Light Bulb Design, Vector illustration It’s great when you’ve developed a specialty or become an expert on a topic. You know an industry or market forwards and backwards. It’s a key point of differentiation for many brands — expertise — and something to use to your advantage.

But sometimes that deep knowledge and experience can be a hindrance to generating new ideas or investigating different possibilities. You become stuck in a rut, doing what you’ve always done or rejecting new ideas or approaches because “it’ll never work.” You see obstacles instead of possibilities, if you can even see the possibilities in the first place. You say “why bother” instead of “why not.”

And, sadly, maybe you did try something different in the past and it didn’t work out. As Homer Simpson once said, “You tried your best and you failed miserably. The lesson is: never try.”
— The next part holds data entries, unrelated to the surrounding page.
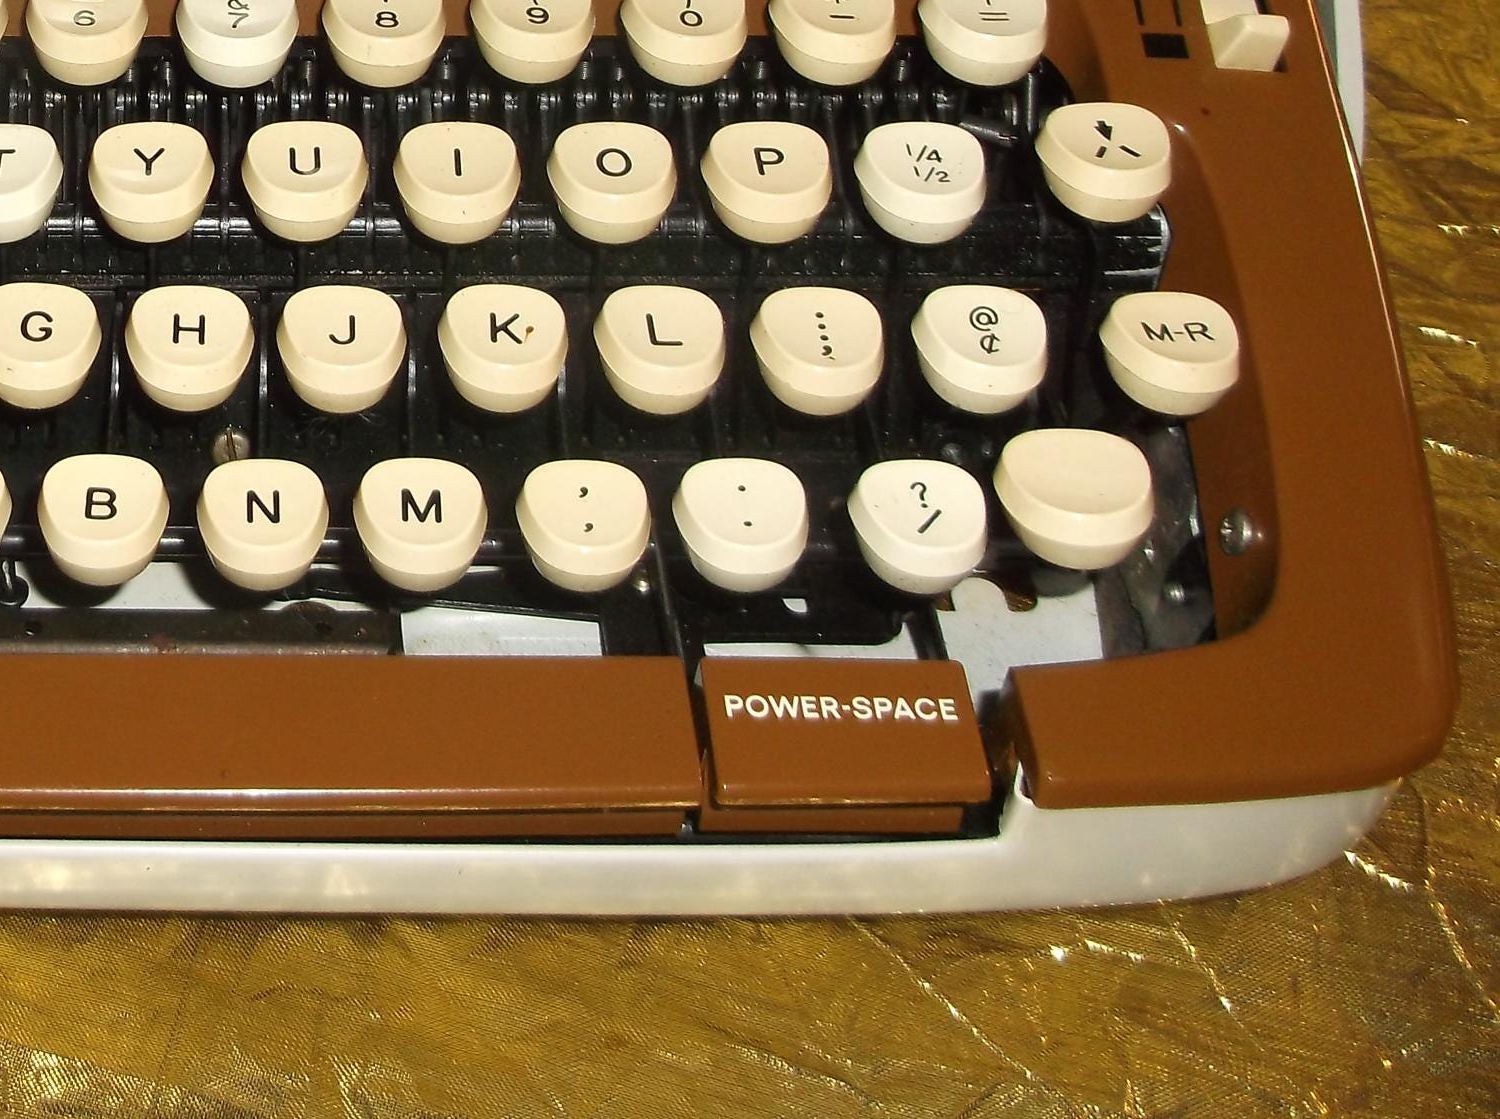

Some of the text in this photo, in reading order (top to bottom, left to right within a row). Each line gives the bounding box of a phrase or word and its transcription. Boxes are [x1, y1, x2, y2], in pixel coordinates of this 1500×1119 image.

[73, 9, 96, 27] 6
[227, 11, 249, 29] 7
[375, 11, 399, 29] 8
[525, 6, 550, 25] 9
[133, 147, 165, 176] Y
[289, 146, 321, 176] U
[453, 148, 463, 177] I
[595, 147, 633, 178] O
[753, 147, 785, 176] P
[20, 310, 54, 343] G
[172, 313, 206, 346] H
[328, 314, 356, 346] J
[489, 312, 523, 345] K
[645, 313, 684, 347] L
[1140, 321, 1215, 342] M-R
[84, 487, 118, 521] B
[246, 490, 281, 524] N
[401, 488, 443, 524] M
[724, 694, 959, 721] POWER-SPACE
So, how do you overcome your own internal biases, your self-imposed blinders and the barriers of your expertise to generate new ideas or explore new possibilities? It’s pretty simple, actually.
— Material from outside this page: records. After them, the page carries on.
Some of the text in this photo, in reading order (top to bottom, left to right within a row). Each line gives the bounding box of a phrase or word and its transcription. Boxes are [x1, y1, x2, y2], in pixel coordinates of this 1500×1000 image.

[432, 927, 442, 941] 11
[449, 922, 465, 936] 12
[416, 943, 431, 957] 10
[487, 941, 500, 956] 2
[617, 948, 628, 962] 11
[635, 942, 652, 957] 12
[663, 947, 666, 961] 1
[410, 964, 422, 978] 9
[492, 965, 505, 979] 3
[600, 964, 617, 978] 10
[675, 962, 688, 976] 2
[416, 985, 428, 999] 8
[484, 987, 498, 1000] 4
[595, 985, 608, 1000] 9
Stop doing what you’ve always done, and do something different.

Don’t look to the past — your expertise, your comfort zone, your tried-and-true — rather look outside. Literally. Here are five ways to shake things up a little.

1. Look to other industries.
Pick up different magazines or visit different websites in random categories like food or fashion or travel. What is being talked about or advertised? Do you notice customer challenges your business shares? Are there solutions that could be applied to your situation?
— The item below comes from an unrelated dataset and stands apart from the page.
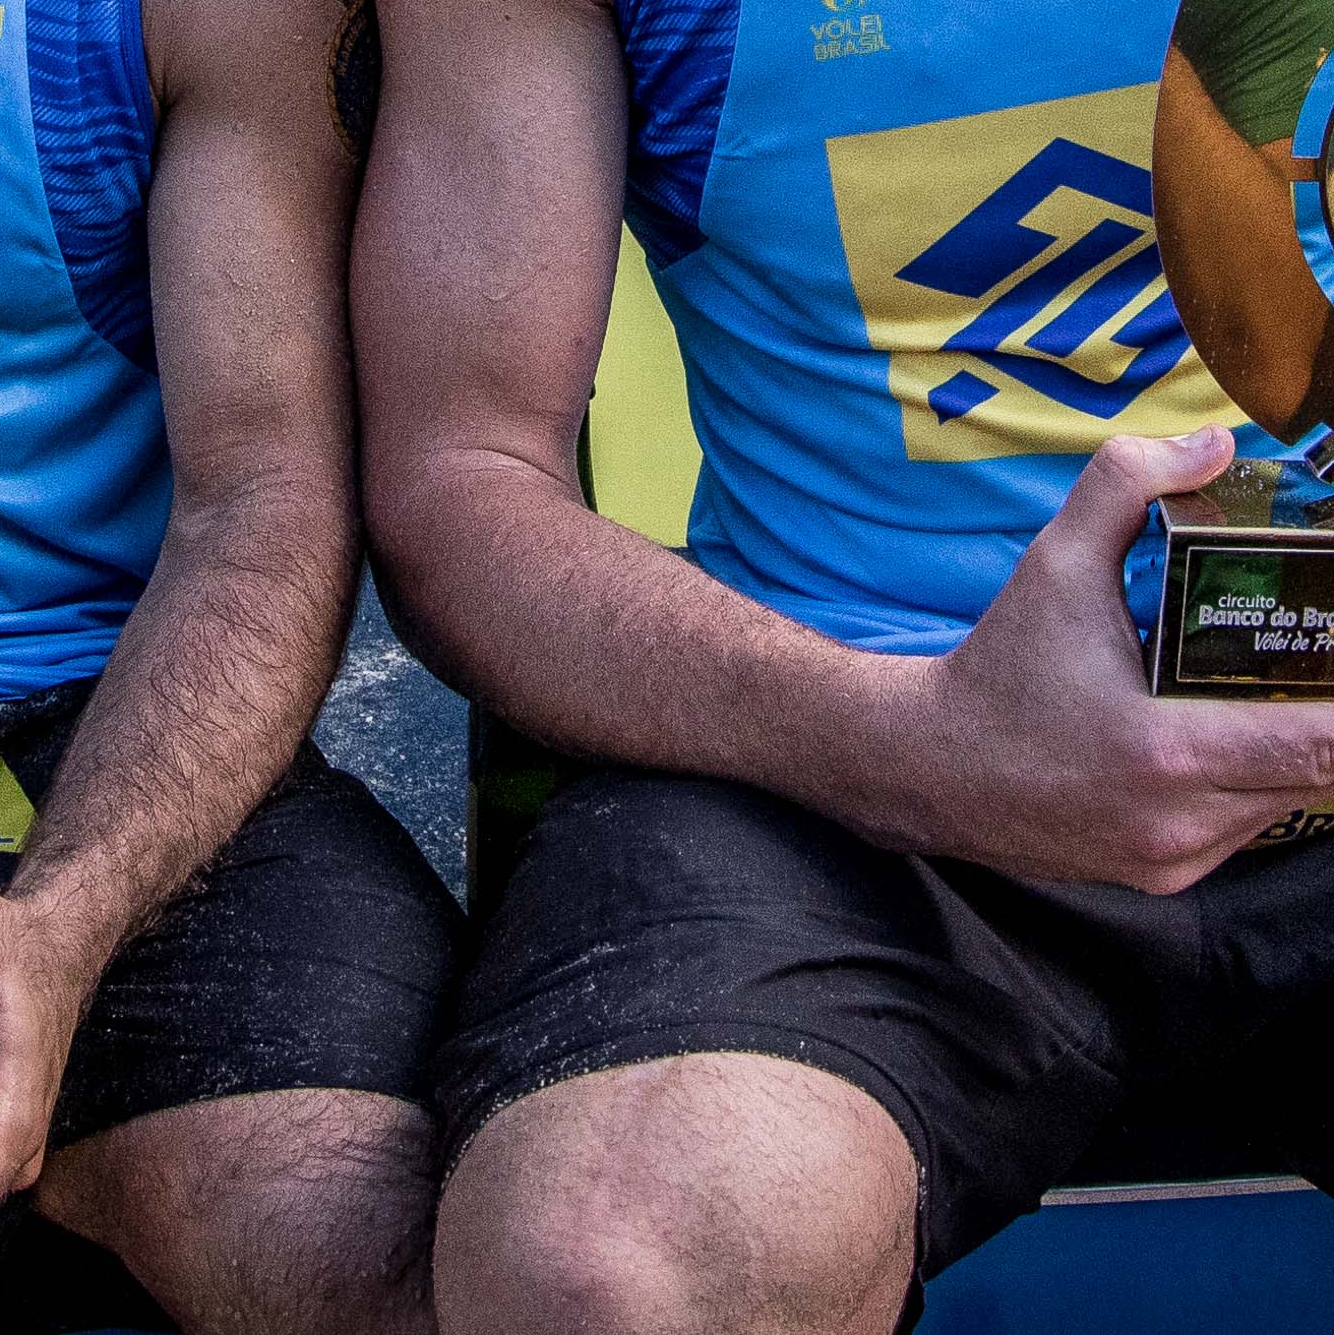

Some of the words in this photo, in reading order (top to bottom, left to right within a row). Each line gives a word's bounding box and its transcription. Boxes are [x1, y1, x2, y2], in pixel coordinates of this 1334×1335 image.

2. Find a company you admire.
Pretend a company you admire is running your marketing or sales department. How would they do things differently if they were suddenly in charge? How have they taken risks and succeeded (or failed)? What did they learn, and what can you learn?

3. Get away from your desk.
You may have a better chance at finding a new idea or opportunity if you get out of the office. Visit a customer. Shop a competitor. Observe people interacting with your product category. Wander into a store you’ve never been into before. I love to travel, and one of my favorite things to do — especially when I’m out of the country — is to visit the grocery store. You can learn a lot about a country by living like a local for a little while.

4. Dig deeper.
It isn’t always about you or your brand; sometimes it’s about a seemingly unrelated challenge your customer is facing, but talking about your brand’s features and benefits isn’t going to solve it. Empathize with your customer first before selling them on your new feature.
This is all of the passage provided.